→ **Task description**:
Could you retype the records below exactly as they appear, skipping any pictures?

*** Data records Section Begins ***

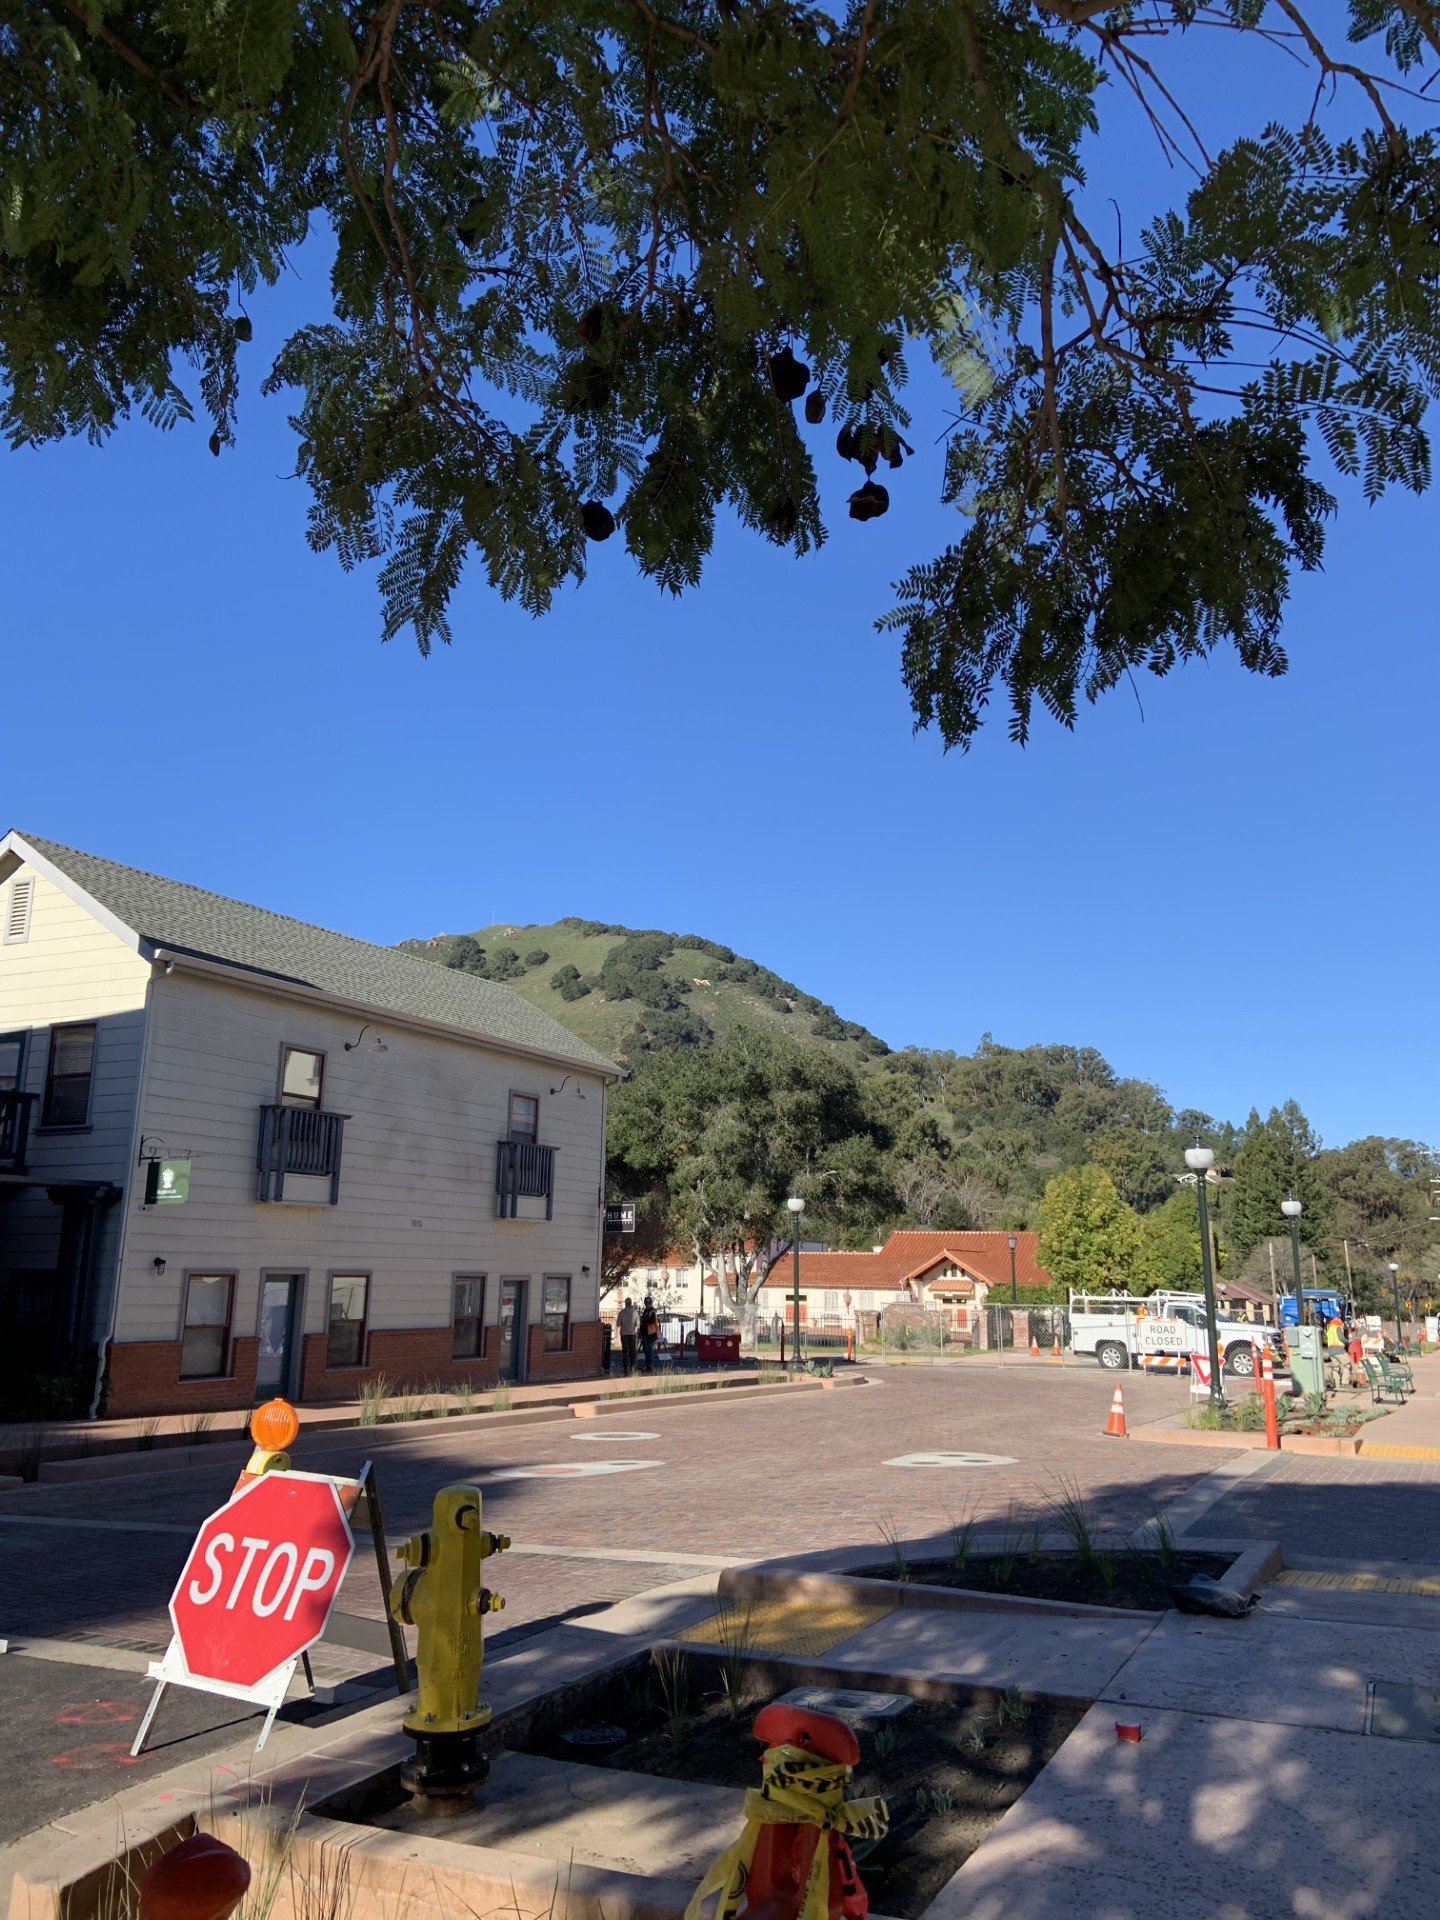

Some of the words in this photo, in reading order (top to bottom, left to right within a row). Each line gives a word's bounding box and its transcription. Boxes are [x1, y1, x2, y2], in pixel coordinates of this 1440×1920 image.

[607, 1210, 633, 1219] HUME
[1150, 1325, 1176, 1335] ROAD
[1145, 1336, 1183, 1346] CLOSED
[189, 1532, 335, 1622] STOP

*** Data records Section Ends ***

→ **Answer section**:
Some of the words in this photo, in reading order (top to bottom, left to right within a row). Each line gives a word's bounding box and its transcription. Boxes are [x1, y1, x2, y2], in pixel coordinates of this 1440×1920 image.

[607, 1210, 633, 1219] HUME
[1150, 1325, 1176, 1335] ROAD
[1145, 1336, 1183, 1346] CLOSED
[189, 1532, 335, 1622] STOP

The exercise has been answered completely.